# What to work on
Please retype every record exactly as it appears, omitting the pictures.

────────

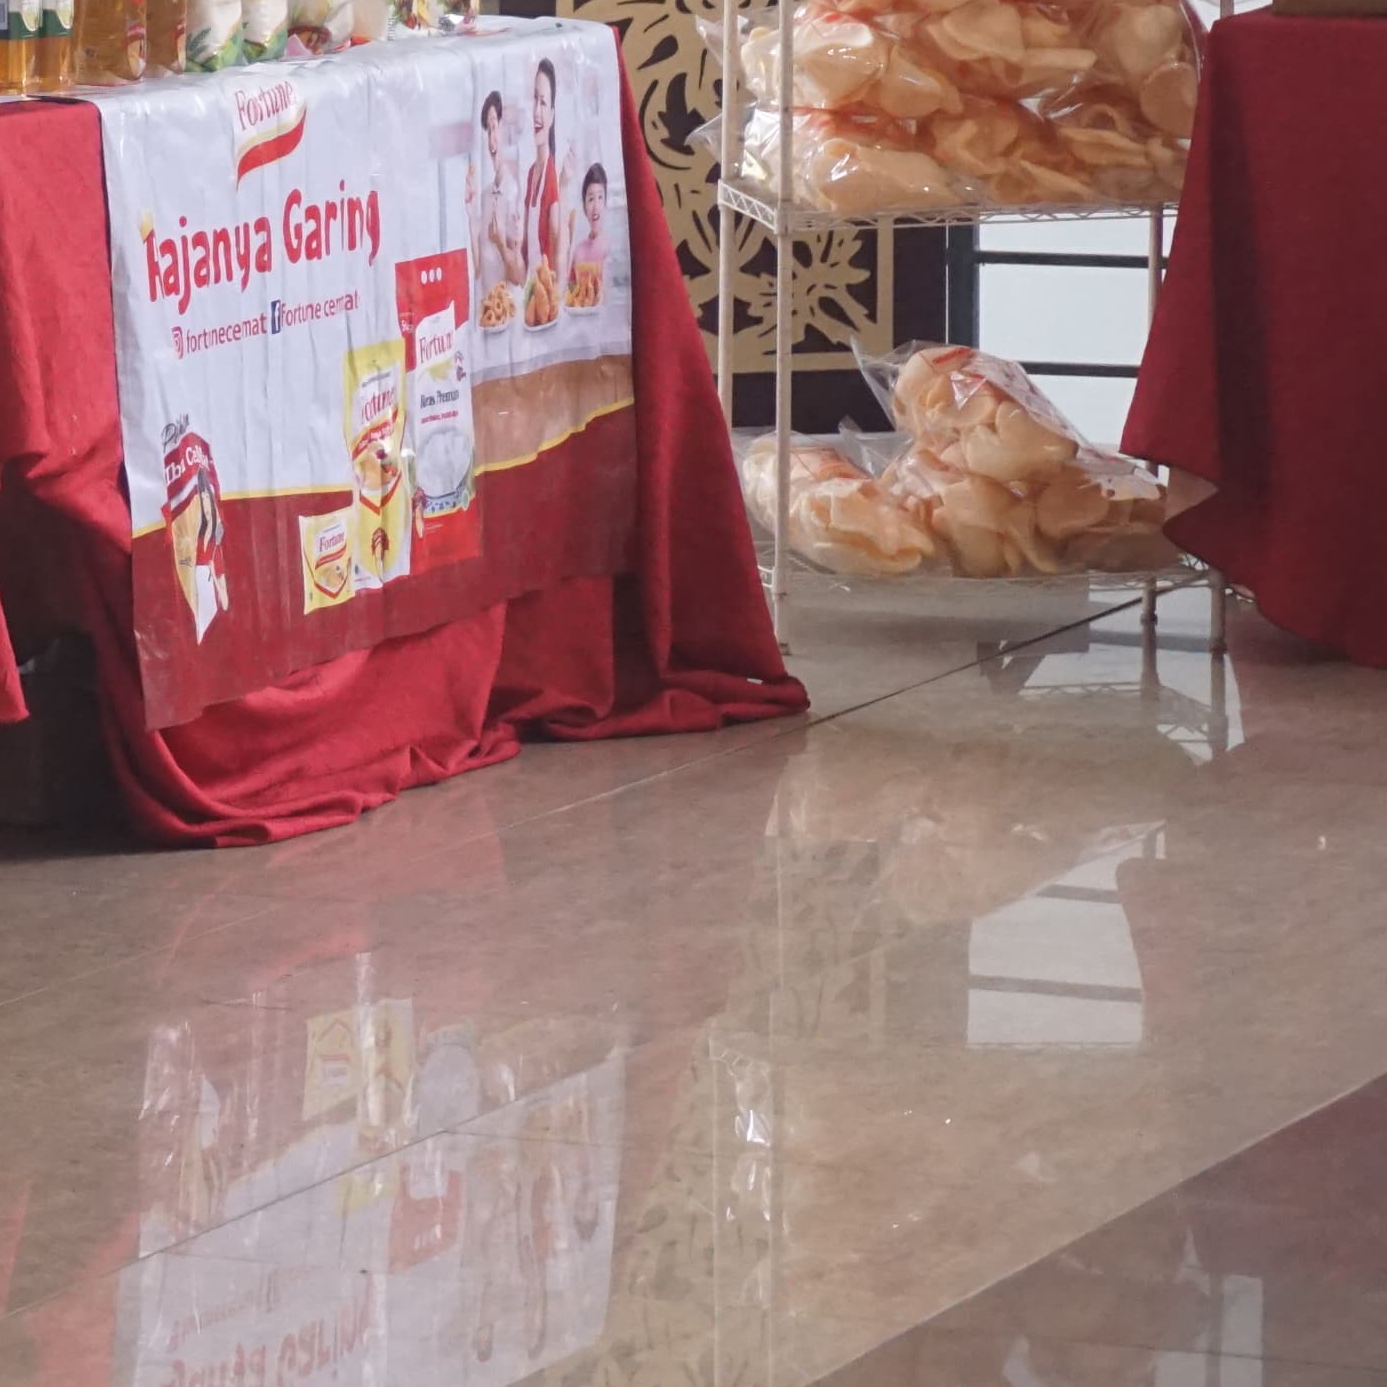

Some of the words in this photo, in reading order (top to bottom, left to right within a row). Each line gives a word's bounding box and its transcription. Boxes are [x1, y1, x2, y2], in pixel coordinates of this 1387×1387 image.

[234, 80, 293, 132] Fortune
[282, 179, 380, 267] Garing
[186, 313, 267, 354] fortnecemat
[419, 330, 454, 364] Fortun
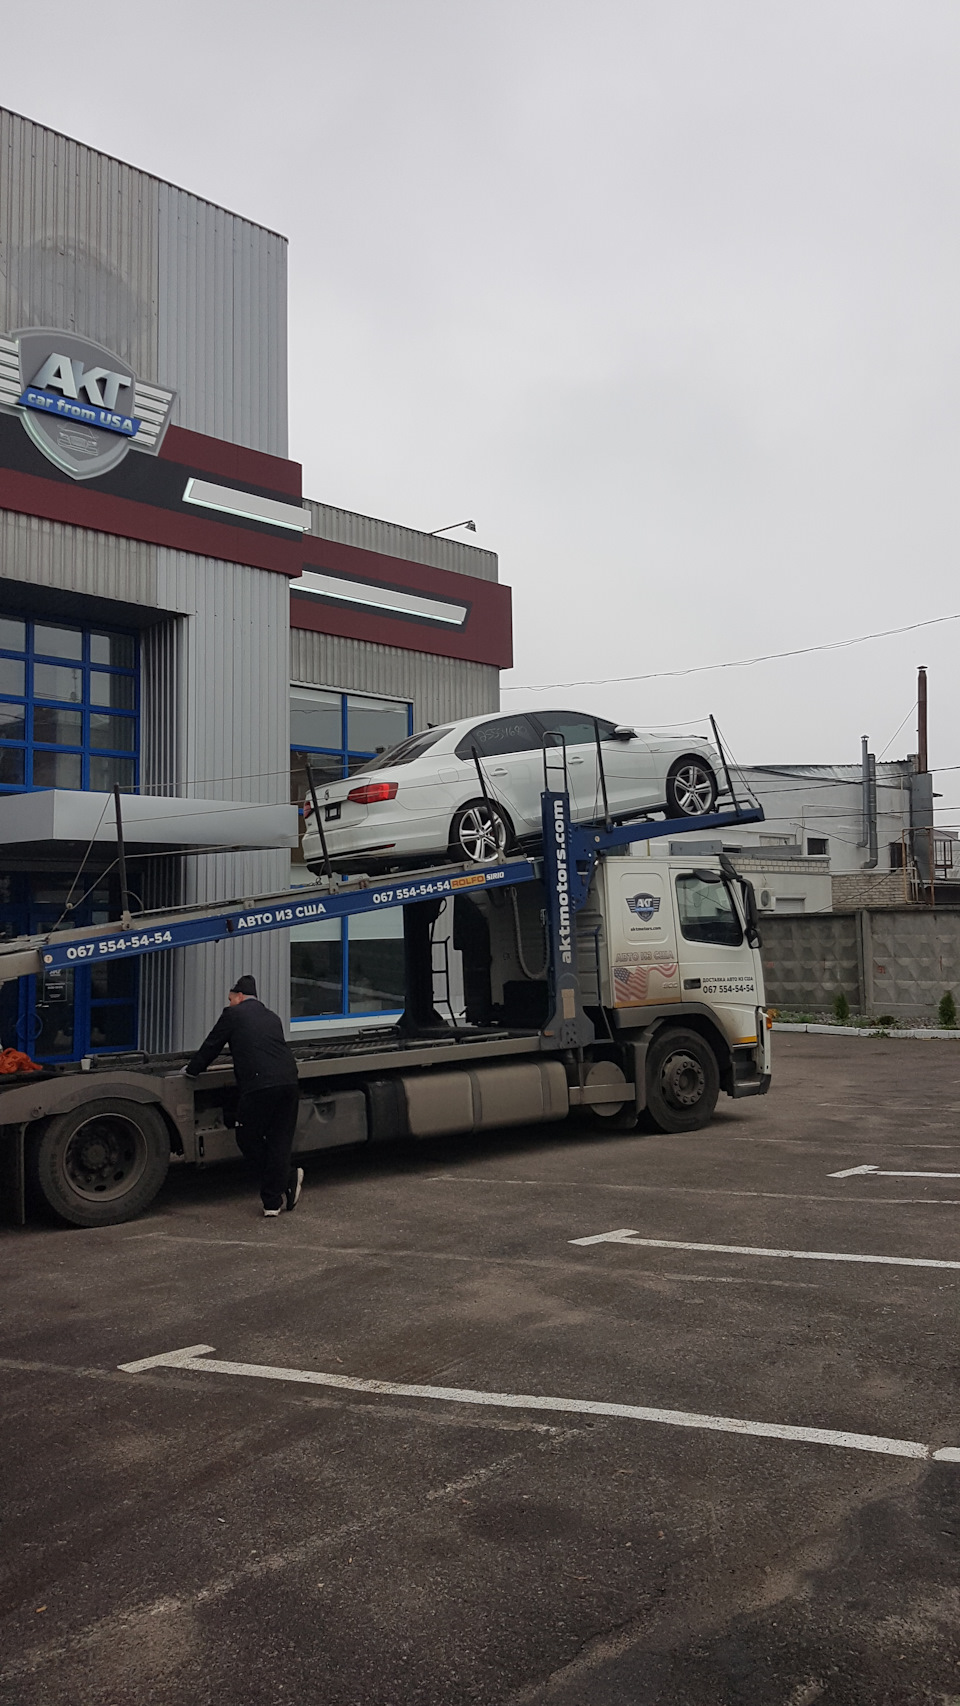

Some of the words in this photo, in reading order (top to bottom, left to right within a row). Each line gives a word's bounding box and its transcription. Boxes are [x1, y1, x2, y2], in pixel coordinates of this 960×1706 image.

[29, 352, 132, 411] AKT
[27, 392, 54, 408] car
[56, 399, 96, 421] from
[99, 411, 134, 433] USA
[372, 891, 394, 904] 067
[396, 879, 451, 900] 554-54-54
[451, 875, 485, 888] ROLFO
[553, 799, 573, 964] aktmotors.com
[237, 912, 273, 929] АВТО
[275, 908, 293, 921] ИЗ
[295, 903, 327, 918] США
[636, 898, 653, 908] AKT
[66, 943, 95, 960] 067
[98, 930, 173, 954] 554-54-54
[702, 985, 717, 994] 067
[718, 984, 755, 993] 554-54-54
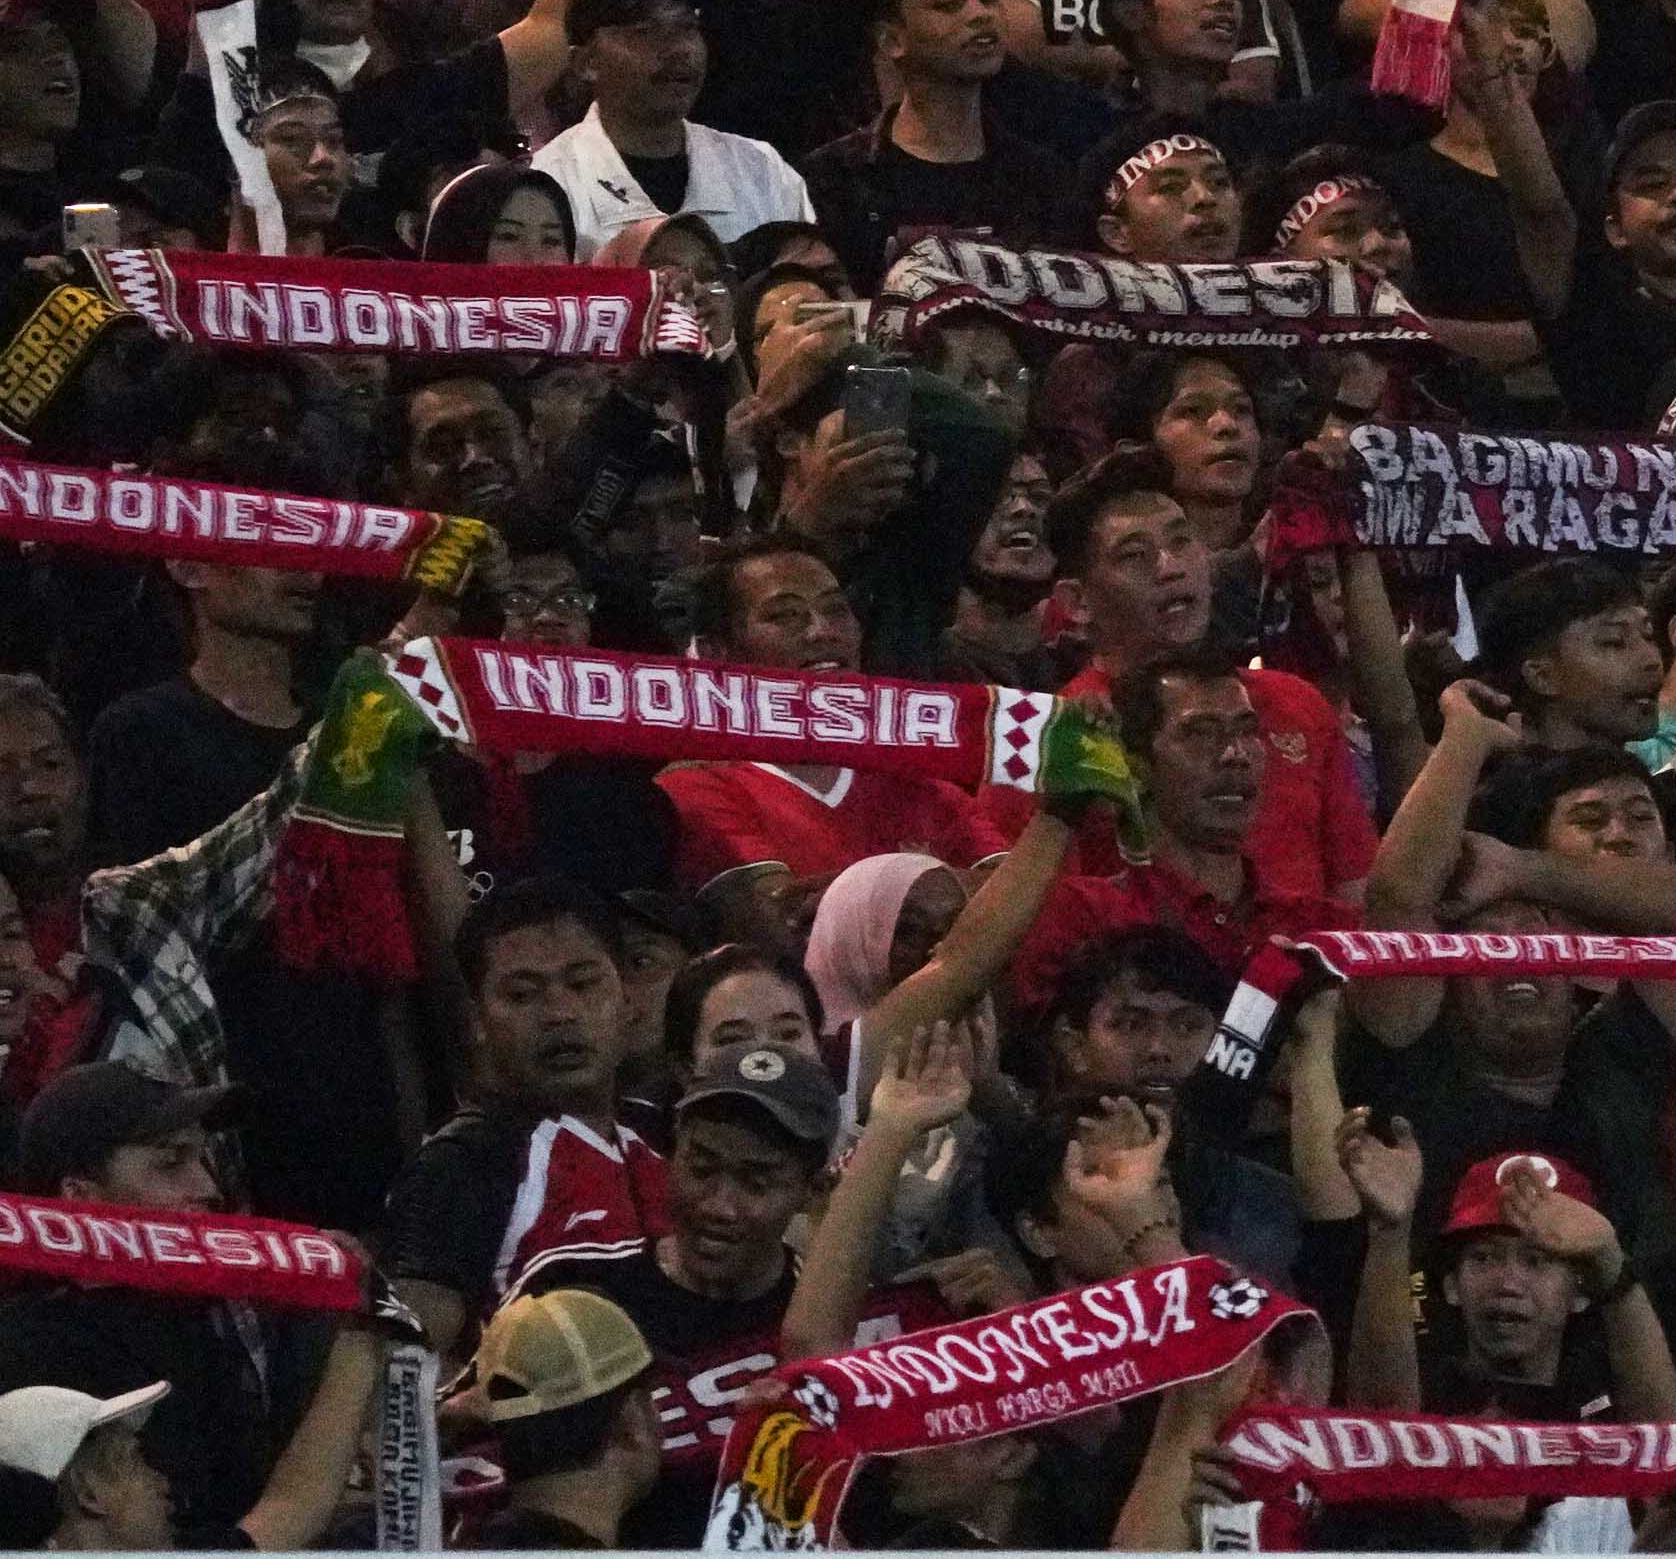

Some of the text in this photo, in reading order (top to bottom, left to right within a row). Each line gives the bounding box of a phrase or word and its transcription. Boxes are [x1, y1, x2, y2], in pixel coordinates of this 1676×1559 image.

[196, 279, 634, 356] INDONESIA
[1352, 425, 1620, 489] BAGIMU
[474, 648, 961, 749] INDONESIA
[826, 1265, 1198, 1409] INDONESIA
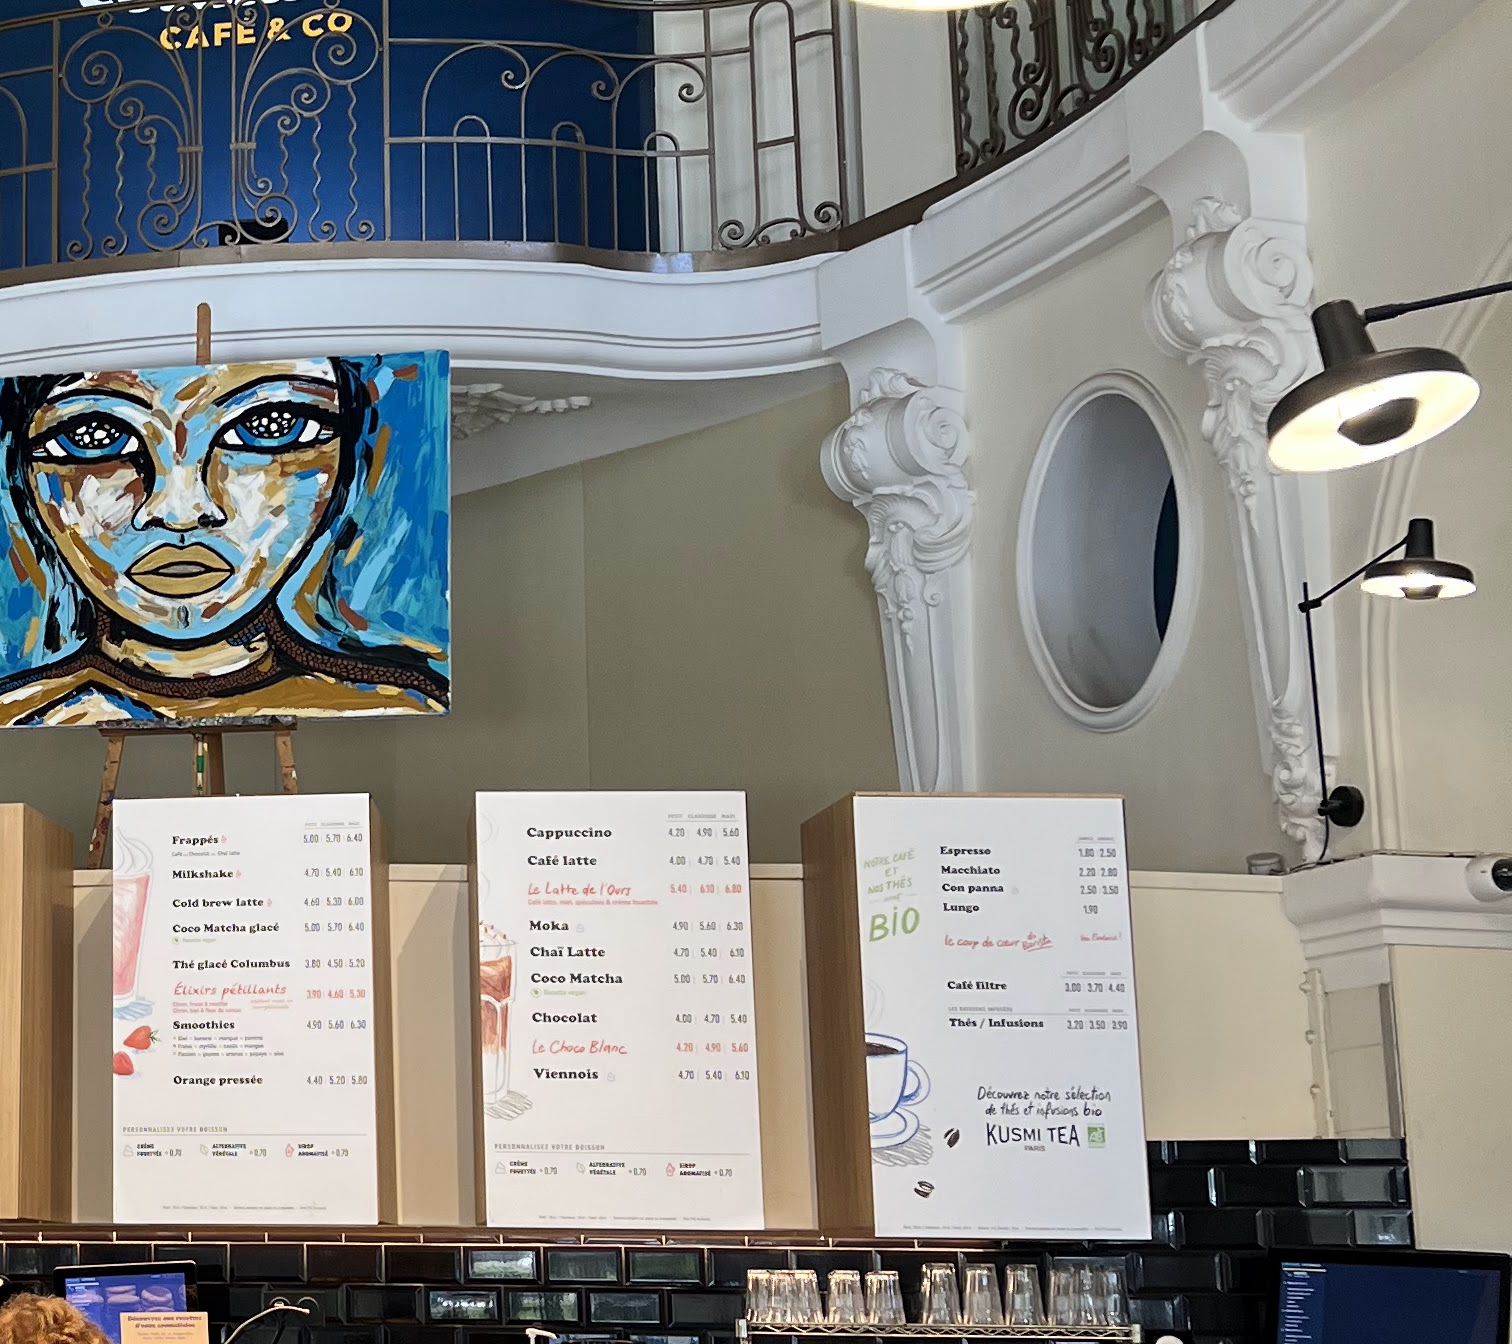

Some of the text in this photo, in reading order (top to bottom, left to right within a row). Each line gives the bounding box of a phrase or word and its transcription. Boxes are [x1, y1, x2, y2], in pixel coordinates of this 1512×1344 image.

[160, 13, 353, 50] CAFÉ & CO
[527, 828, 611, 839] Cappuccino
[172, 835, 218, 845] Frappés
[940, 846, 991, 856] Espresso
[528, 855, 559, 866] Café
[563, 856, 597, 866] latte
[172, 870, 233, 878] Milkshake
[941, 866, 1000, 875] Macchiato
[887, 875, 912, 889] THÉS
[528, 883, 540, 895] Le
[545, 882, 579, 895] Latte
[582, 883, 596, 895] de
[942, 883, 965, 893] Con
[968, 884, 1004, 895] panna
[173, 898, 264, 907] Cold brew latte
[943, 903, 979, 914] Lungo
[173, 923, 279, 933] Coco Matcha glacé
[529, 921, 569, 931] Moka
[530, 946, 563, 957] Chaï
[567, 947, 605, 957] Latte
[173, 960, 290, 970] Thé glacé Columbus
[531, 973, 565, 984] Coco
[570, 973, 623, 984] Matcha
[174, 981, 287, 1000] Élixirs pétillants
[947, 980, 973, 990] Café
[976, 981, 1007, 990] filtre
[532, 1013, 597, 1024] Chocolat
[950, 1018, 977, 1028] Thés
[988, 1018, 1044, 1028] Infusions
[173, 1021, 235, 1029] Smoothies
[532, 1040, 545, 1054] Le
[550, 1040, 585, 1054] Choco
[589, 1041, 627, 1054] Blanc
[533, 1069, 598, 1079] Viennois
[173, 1076, 216, 1086] Orange
[219, 1075, 263, 1086] pressée
[978, 1086, 1111, 1102] Découvrez notre sélection
[985, 1104, 997, 1115] de
[1000, 1102, 1019, 1115] thés
[1024, 1101, 1034, 1115] et
[1083, 1102, 1102, 1116] bio
[986, 1122, 1080, 1147] KUSMI TEA

────────

# Task output
Some of the words in this photo, in reading order (top to bottom, left to right within a row). Each line gives a word's bounding box and its transcription. Boxes are [x1, y1, x2, y2], in pixel coordinates of this 1387×1387 image.

[234, 80, 293, 132] Fortune
[282, 179, 380, 267] Garing
[186, 313, 267, 354] fortnecemat
[419, 330, 454, 364] Fortun

Some of the words in this photo, in reading order (top to bottom, left to right within a row). Each line gives a word's bounding box and its transcription. Boxes are [x1, y1, x2, y2], in pixel coordinates of this 960×1706 image.

[29, 352, 132, 411] AKT
[27, 392, 54, 408] car
[56, 399, 96, 421] from
[99, 411, 134, 433] USA
[372, 891, 394, 904] 067
[396, 879, 451, 900] 554-54-54
[451, 875, 485, 888] ROLFO
[553, 799, 573, 964] aktmotors.com
[237, 912, 273, 929] АВТО
[275, 908, 293, 921] ИЗ
[295, 903, 327, 918] США
[636, 898, 653, 908] AKT
[66, 943, 95, 960] 067
[98, 930, 173, 954] 554-54-54
[702, 985, 717, 994] 067
[718, 984, 755, 993] 554-54-54

Some of the text in this photo, in reading order (top to bottom, left to right within a row). Each line gives the bounding box of a phrase or word and its transcription. Boxes are [x1, y1, x2, y2], in pixel coordinates of this 1676×1559 image.

[196, 279, 634, 356] INDONESIA
[1352, 425, 1620, 489] BAGIMU
[474, 648, 961, 749] INDONESIA
[826, 1265, 1198, 1409] INDONESIA

Some of the text in this photo, in reading order (top to bottom, left to right within a row). Each line gives the bounding box of a phrase or word and its transcription. Boxes are [x1, y1, x2, y2], in pixel coordinates of this 1512×1344 image.

[160, 13, 353, 50] CAFÉ & CO
[527, 828, 611, 839] Cappuccino
[172, 835, 218, 845] Frappés
[940, 846, 991, 856] Espresso
[528, 855, 559, 866] Café
[563, 856, 597, 866] latte
[172, 870, 233, 878] Milkshake
[941, 866, 1000, 875] Macchiato
[887, 875, 912, 889] THÉS
[528, 883, 540, 895] Le
[545, 882, 579, 895] Latte
[582, 883, 596, 895] de
[942, 883, 965, 893] Con
[968, 884, 1004, 895] panna
[173, 898, 264, 907] Cold brew latte
[943, 903, 979, 914] Lungo
[173, 923, 279, 933] Coco Matcha glacé
[529, 921, 569, 931] Moka
[530, 946, 563, 957] Chaï
[567, 947, 605, 957] Latte
[173, 960, 290, 970] Thé glacé Columbus
[531, 973, 565, 984] Coco
[570, 973, 623, 984] Matcha
[174, 981, 287, 1000] Élixirs pétillants
[947, 980, 973, 990] Café
[976, 981, 1007, 990] filtre
[532, 1013, 597, 1024] Chocolat
[950, 1018, 977, 1028] Thés
[988, 1018, 1044, 1028] Infusions
[173, 1021, 235, 1029] Smoothies
[532, 1040, 545, 1054] Le
[550, 1040, 585, 1054] Choco
[589, 1041, 627, 1054] Blanc
[533, 1069, 598, 1079] Viennois
[173, 1076, 216, 1086] Orange
[219, 1075, 263, 1086] pressée
[978, 1086, 1111, 1102] Découvrez notre sélection
[985, 1104, 997, 1115] de
[1000, 1102, 1019, 1115] thés
[1024, 1101, 1034, 1115] et
[1083, 1102, 1102, 1116] bio
[986, 1122, 1080, 1147] KUSMI TEA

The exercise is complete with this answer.